### Your task:
I'd like the entries repeated exactly, pictures omitted.

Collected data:
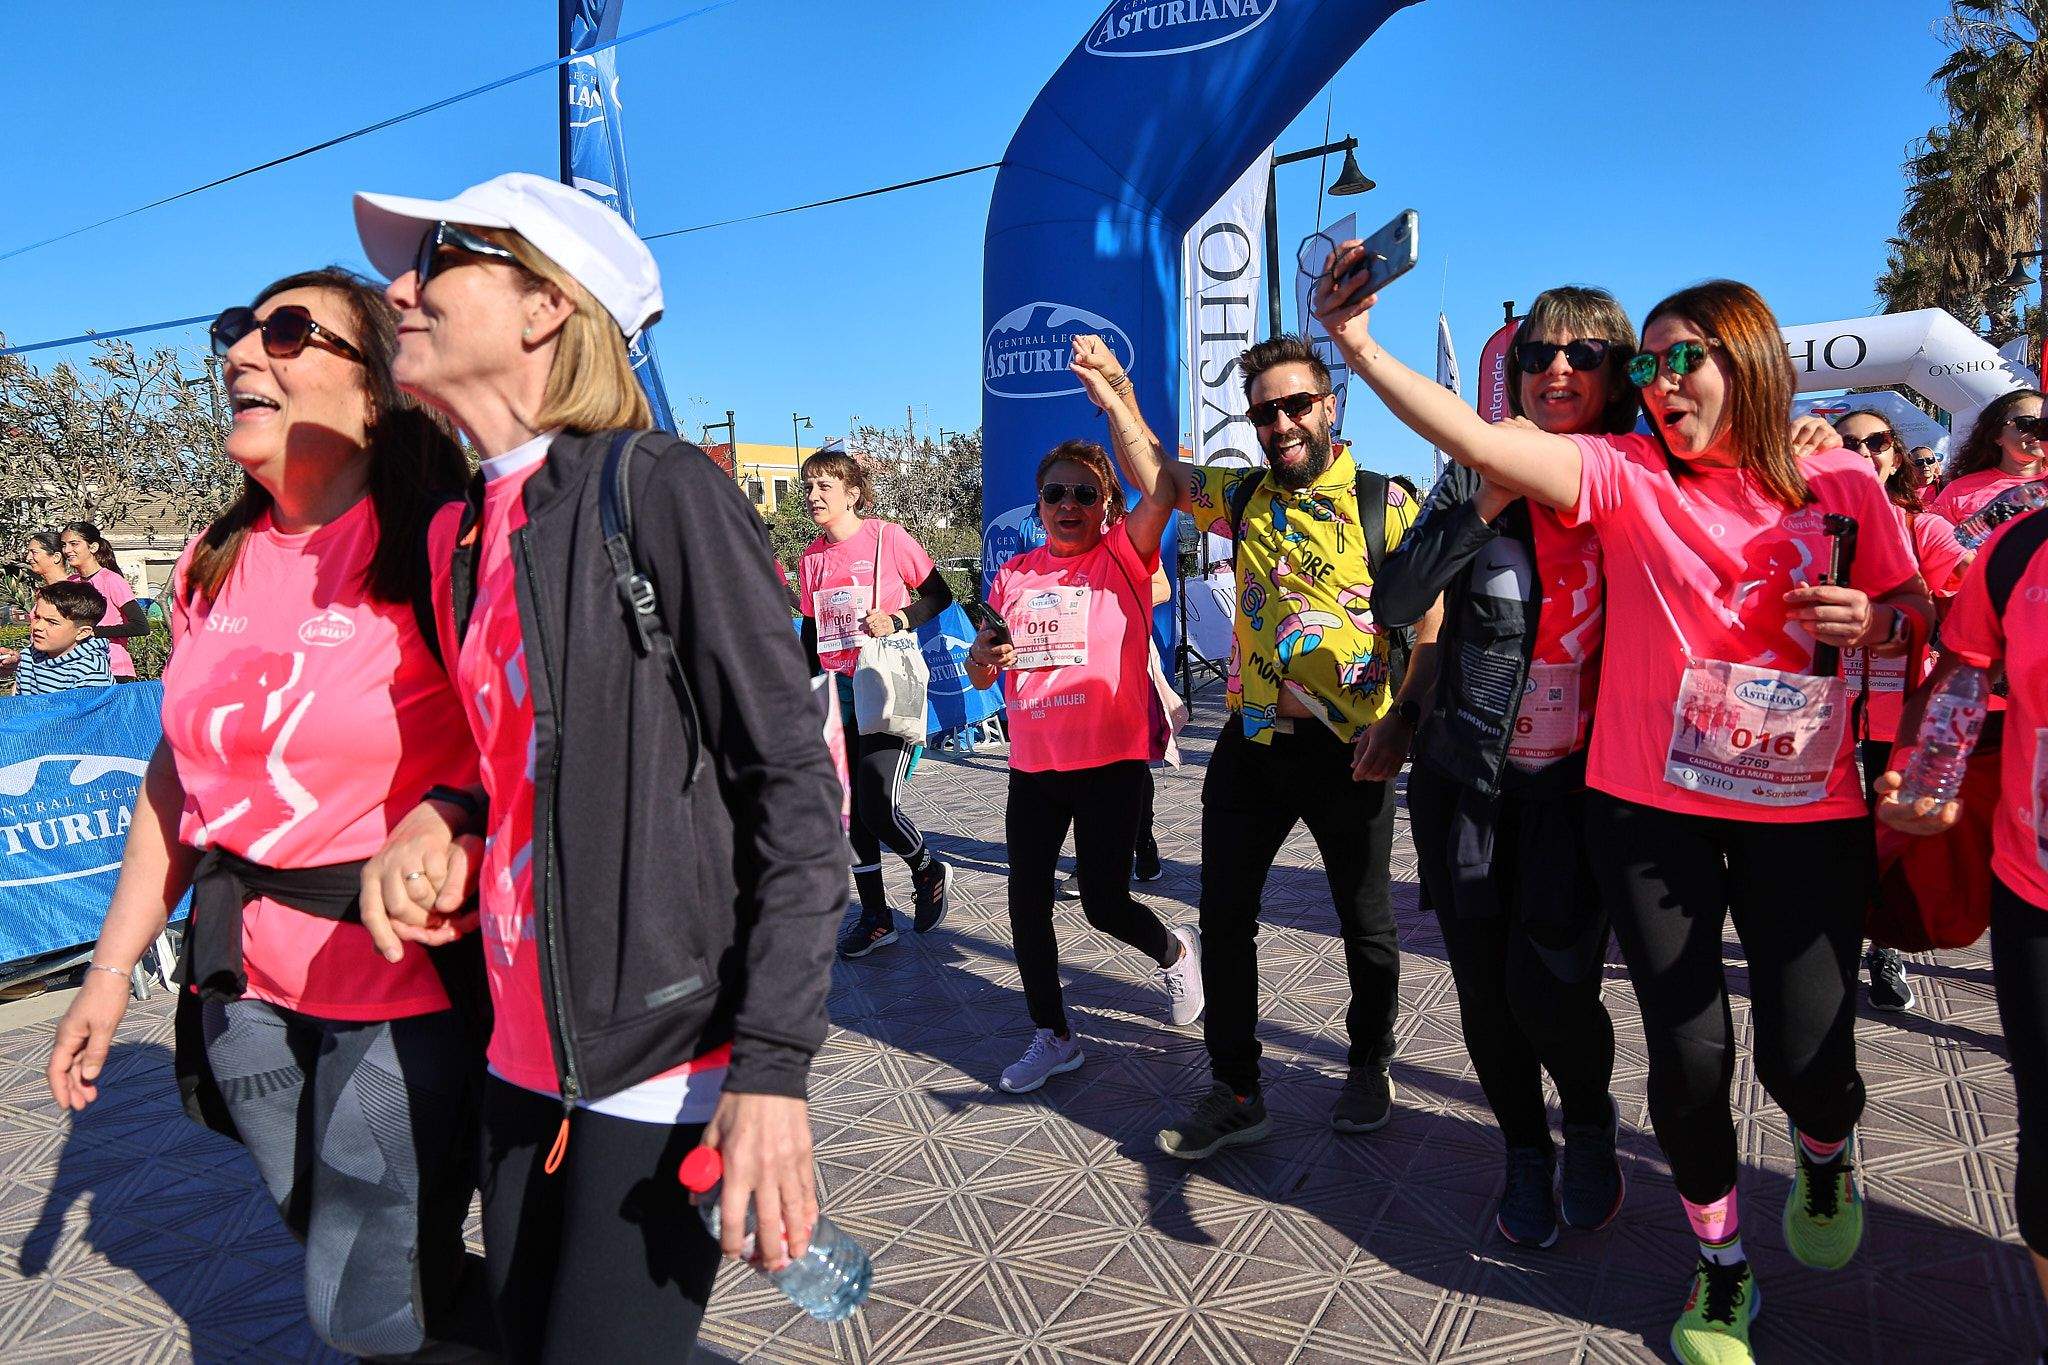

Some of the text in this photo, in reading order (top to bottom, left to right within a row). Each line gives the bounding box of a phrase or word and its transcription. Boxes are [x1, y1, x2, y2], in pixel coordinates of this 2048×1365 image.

[1094, 0, 1261, 48] ASTURIANA
[998, 334, 1046, 349] CENTRAL
[1928, 358, 1995, 377] OYSHO
[833, 613, 852, 627] 016
[1027, 620, 1059, 635] 016
[1054, 693, 1086, 707] MUJER
[1740, 686, 1802, 707] ASTURIANA
[1731, 728, 1796, 757] 016
[1689, 756, 1723, 770] CARRERA
[1724, 764, 1735, 773] DE
[1736, 767, 1747, 776] LA
[1747, 769, 1775, 782] MUJER
[1739, 756, 1770, 769] 2769
[1683, 768, 1809, 799] OYSHO Santander

### Task output:
Some of the text in this photo, in reading order (top to bottom, left to right within a row). Each line gives the bounding box of a phrase or word and its transcription. Boxes are [x1, y1, x2, y2], in pixel coordinates of this 2048×1365 image.

[1094, 0, 1261, 48] ASTURIANA
[998, 334, 1046, 349] CENTRAL
[1928, 358, 1995, 377] OYSHO
[833, 613, 852, 627] 016
[1027, 620, 1059, 635] 016
[1054, 693, 1086, 707] MUJER
[1740, 686, 1802, 707] ASTURIANA
[1731, 728, 1796, 757] 016
[1689, 756, 1723, 770] CARRERA
[1724, 764, 1735, 773] DE
[1736, 767, 1747, 776] LA
[1747, 769, 1775, 782] MUJER
[1739, 756, 1770, 769] 2769
[1683, 768, 1809, 799] OYSHO Santander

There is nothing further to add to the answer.